I'll try to give a brief background for my 2.5 year old DS... He had 7 words by 18 months and then regressed, he didn't say another word until 24 months. He also stopped making eye contact, stopped pointing to body parts he knew previously, had obsessive behaviors, spun in circles, flapped his hands... And more I'm sure that I just can't remember right now. He's been in EI since 23 months, and has had private ST and OT since September. He's got about 130 words right now, but mostly labels things. He saw a dev pedi on November 26th that said she wanted him evaluated for autism, and a crap ton of blood work done and an EEG. I was NOT expected to start the evaluation process so quickly. They told me the first part he will see the psychologist and the neurologist, and the second part will be speech and language and behavioral. I've filled out a whole bunch of forms to turn in, Vineland, SCQ, a behavioral checklist, and some other papers for the neuro part. He has some staring spells which is why the dev pedi wanted him evaluated with the neuro instead of her.
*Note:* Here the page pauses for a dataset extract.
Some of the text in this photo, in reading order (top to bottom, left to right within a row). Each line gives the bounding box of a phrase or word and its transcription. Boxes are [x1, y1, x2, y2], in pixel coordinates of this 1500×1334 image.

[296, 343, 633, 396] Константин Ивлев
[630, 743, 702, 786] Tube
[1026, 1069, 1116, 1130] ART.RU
I'm so, so nervous. I spent quite 6+ months convinced he was autistic, but then he came out of his regression. Now I don't know what to think. I went into the appointment with the dev pedi kind of expecting her to just say he has a speech delay and sensory issues, but otherwise fine. It was like a punch to the gut when she turned to us and said DS did not interact with us as much as she would expect a typical child his age to. Why does that hurt so much, when I already KNOW that?
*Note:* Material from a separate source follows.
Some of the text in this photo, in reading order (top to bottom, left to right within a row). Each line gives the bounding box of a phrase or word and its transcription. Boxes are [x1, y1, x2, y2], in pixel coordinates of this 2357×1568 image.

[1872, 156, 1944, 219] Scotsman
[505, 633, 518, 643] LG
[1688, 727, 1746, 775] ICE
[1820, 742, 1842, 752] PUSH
So, I'm imagining this evaluation to be similar to speech therapy, and if that's the case he will probably do wonderfully. I'm mostly wondering what the behavioral part of the evaluation will be like. His OT suggested a behavioral evaluation which is why we saw the dev pedi, because he just has no interest in following any direction. It's taken 3 months for him to accept the OT directing him onto the swing, but he still resists most other activities/direction from her. The swing has just become routine for him now, so he knows walking into the gym that's what he will be doing. But that doesn't translate into other activities, like tunnels.
My husband asked me the other night 'what's worse, if he gets diagnosed with ASD or if he doesn't?' what a loaded question. I'm sure you guys can understand that.. I hope at least, otherwise we are terrible people! I don't WANT my little guy to be autistic.. But I want him to smile at me, and to laugh with me, and look me in the eyes more often, and enjoy bath time, and be able to interact with his peers, and I know that it probably isn't 'just going to happen' one day without intervention.
Re: ASD eval Tuesday
I have a two year old boy as well, who has a follow up eval next month where he may or may not get a dx. Like you, the dx is secondary to the little daily life stuff. I miss the connection so badly sometimes.